(Images for object localization)
═══

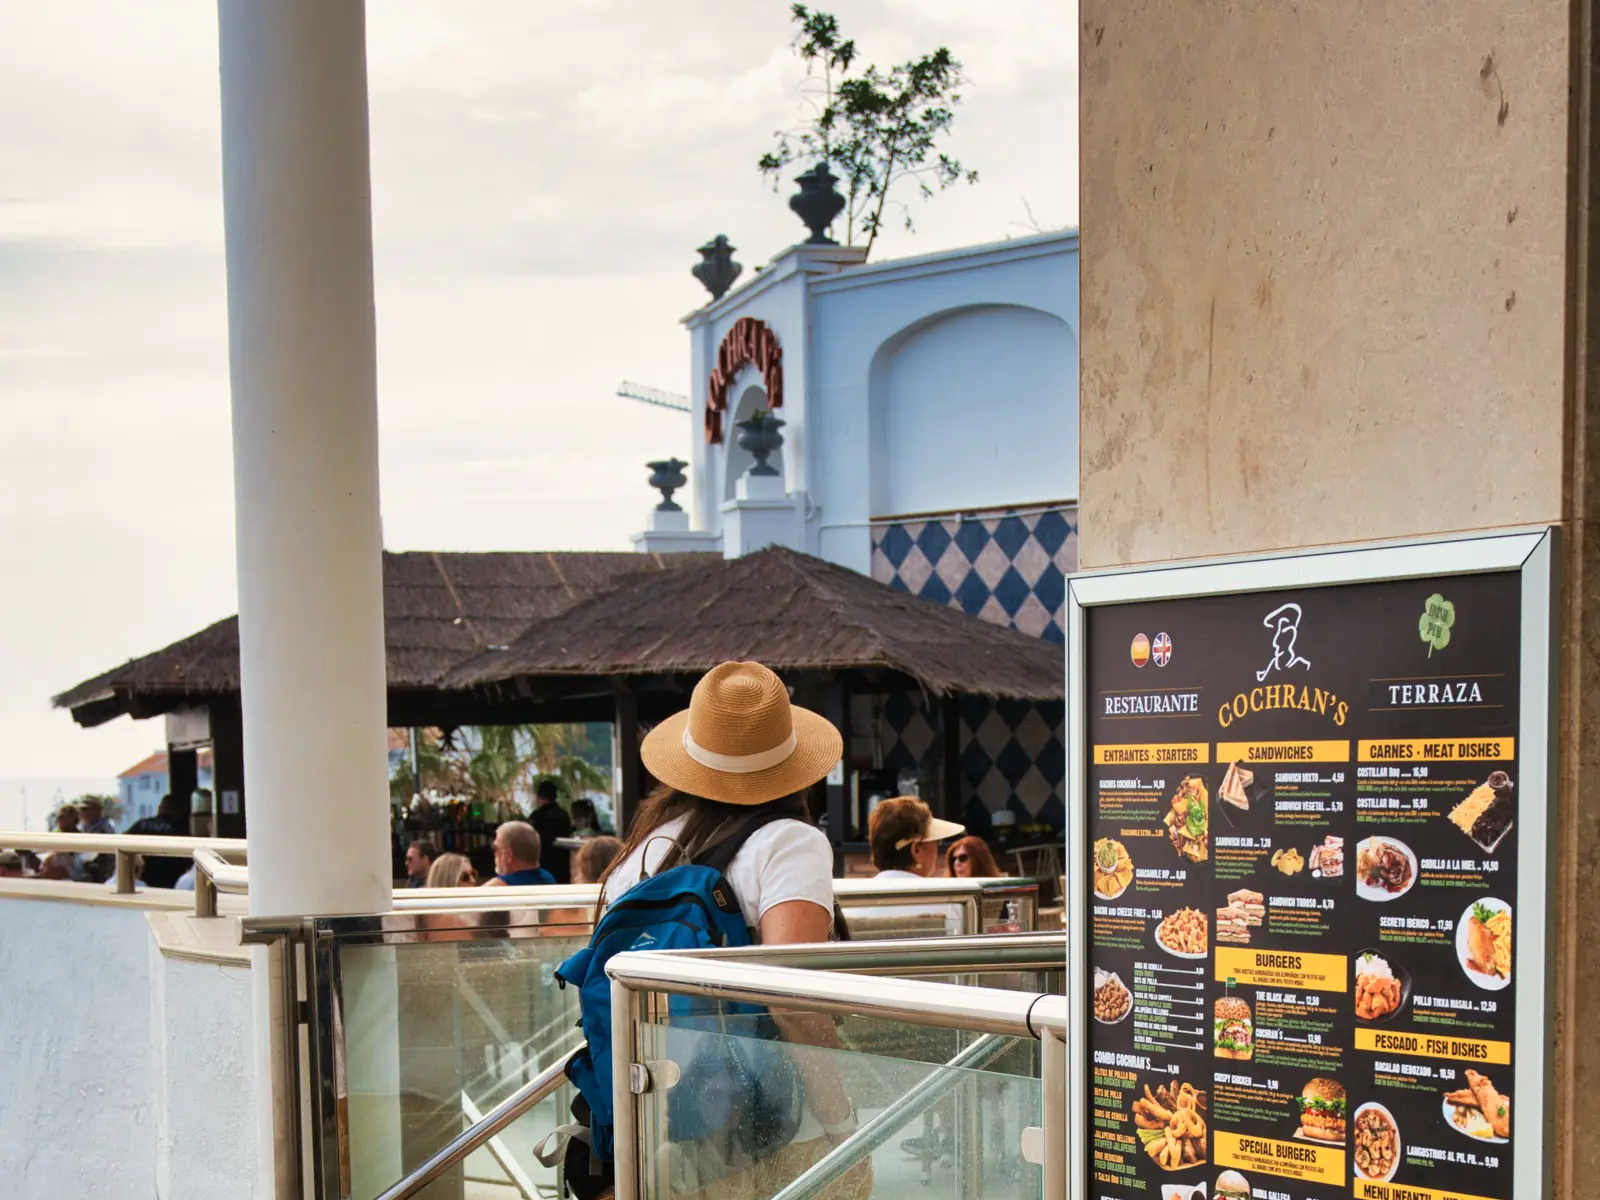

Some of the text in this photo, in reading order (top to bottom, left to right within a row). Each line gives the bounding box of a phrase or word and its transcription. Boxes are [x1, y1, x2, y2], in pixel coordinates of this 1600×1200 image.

[1428, 604, 1449, 622] IRISH
[1427, 622, 1442, 638] PUB
[1389, 682, 1483, 704] TERRAZA
[1105, 694, 1198, 714] RESTAURANTE
[1218, 684, 1349, 728] COCHRAN'S
[1104, 749, 1197, 762] ENTRANTES STARTERS
[1248, 746, 1313, 760] SANDWICHES
[1370, 743, 1500, 758] CARNES MEAT DISHES
[1275, 772, 1344, 783] SANDWICH MIXTO 4,50
[1357, 767, 1428, 779] COSTILLAR 16,90
[1275, 801, 1301, 811] SANDWICH
[1302, 802, 1325, 811] VEGETAL
[1357, 799, 1427, 809] COSTILLAR 16,90
[1216, 837, 1240, 846] SANDWICH
[1241, 838, 1253, 847] CLUB
[1421, 859, 1499, 872] CODILLO A LA MIEL 14,90
[1269, 897, 1295, 906] SANDWICH
[1094, 906, 1146, 917] BACON CHEESE FRIES
[1380, 917, 1453, 931] SECRETO 17,90
[1256, 954, 1301, 969] BURGERS
[1256, 991, 1319, 1006] THE BLACK JACK 12,50
[1413, 995, 1496, 1012] POLLO TIKKA MASALA 12,50
[1375, 1034, 1487, 1058] PESCADO FISH DISHES
[1094, 1051, 1179, 1075] COMBO 14,90
[1375, 1061, 1431, 1077] BACALAO REBOZADO
[1109, 1069, 1114, 1078] DE
[1214, 1073, 1252, 1085] CRISPY CHICKEN
[1102, 1090, 1109, 1098] DE
[1105, 1111, 1111, 1119] DE
[1240, 1139, 1316, 1163] SPECIAL BURGERS
[1407, 1145, 1498, 1168] LANGOSTINOS AL PIL PIL 9,90
[1098, 1173, 1146, 1190] SALSA SAUCE
[1364, 1185, 1389, 1200] MENU
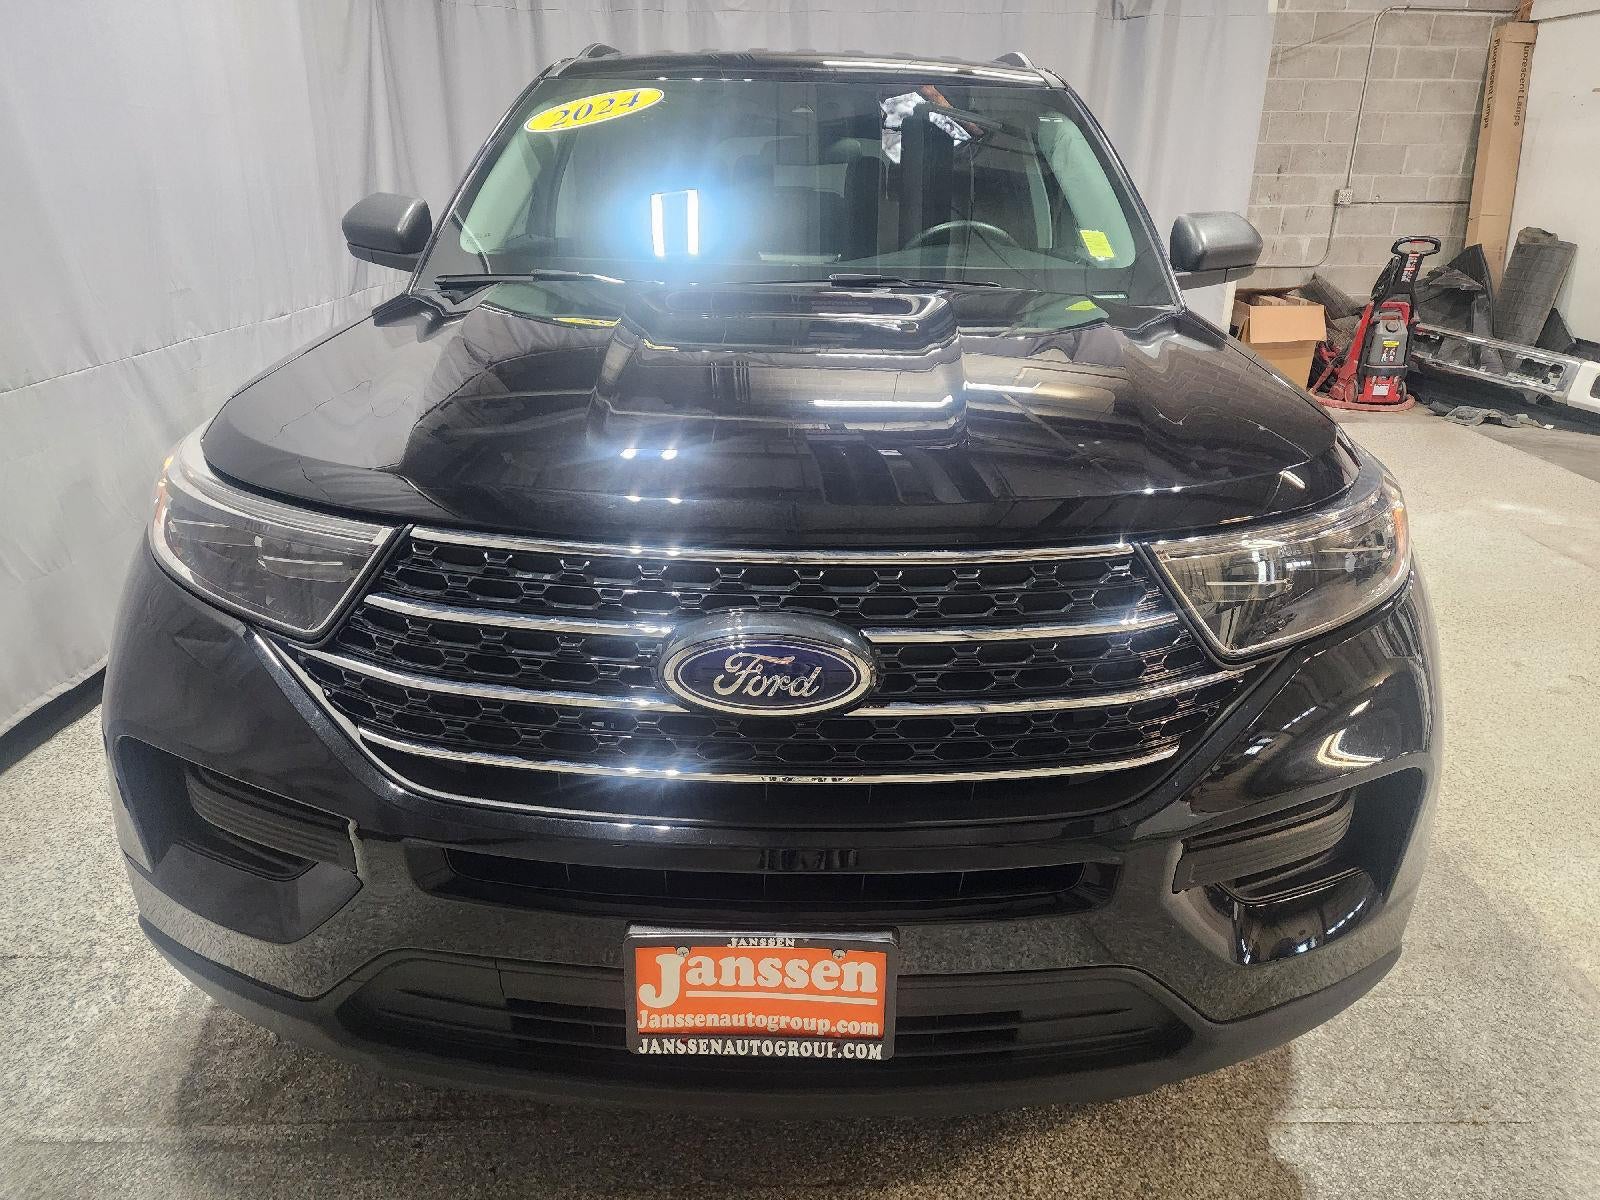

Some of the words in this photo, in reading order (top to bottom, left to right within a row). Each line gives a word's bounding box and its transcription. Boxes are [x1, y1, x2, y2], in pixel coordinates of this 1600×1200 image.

[1487, 38, 1500, 95] Fluorescent
[1519, 42, 1530, 95] luorescent
[549, 91, 641, 127] 2024
[1484, 96, 1494, 128] Lamps
[1513, 95, 1525, 127] Lamps
[713, 652, 823, 698] Ford
[726, 937, 796, 949] JANSSEN
[638, 953, 878, 1008] Janssen
[637, 1009, 879, 1035] Janssenautogroup.com
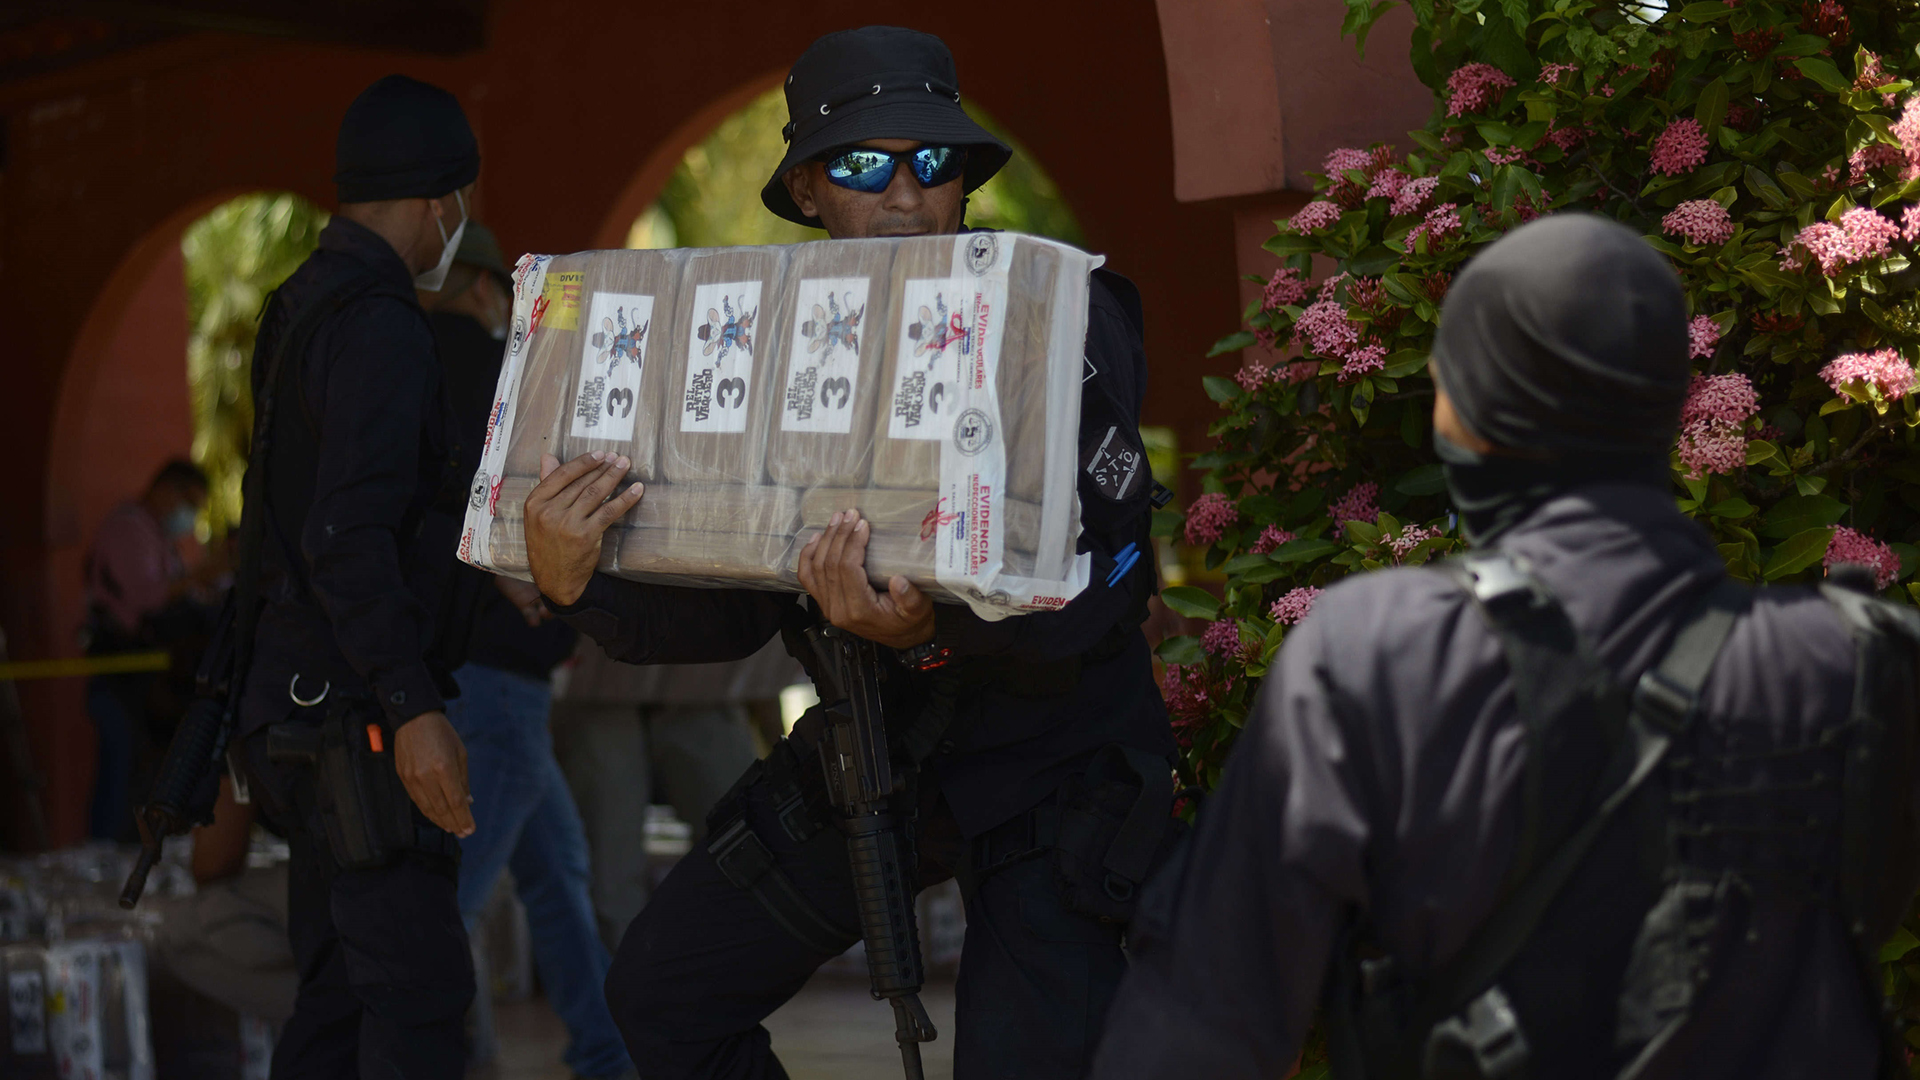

═══

PROMPT. Write out again the lines from the one with "Some of the words" through the end of the records exactly, without any of the pictures.

RESPONSE BELOW.
Some of the words in this photo, in reading order (top to bottom, left to right within a row). Each line gives a word's bounding box and its transcription. Boxes are [x1, y1, x2, y2], in pixel coordinates of this 1600×1200 image.

[1487, 38, 1500, 95] Fluorescent
[1519, 42, 1530, 95] luorescent
[549, 91, 641, 127] 2024
[1484, 96, 1494, 128] Lamps
[1513, 95, 1525, 127] Lamps
[713, 652, 823, 698] Ford
[726, 937, 796, 949] JANSSEN
[638, 953, 878, 1008] Janssen
[637, 1009, 879, 1035] Janssenautogroup.com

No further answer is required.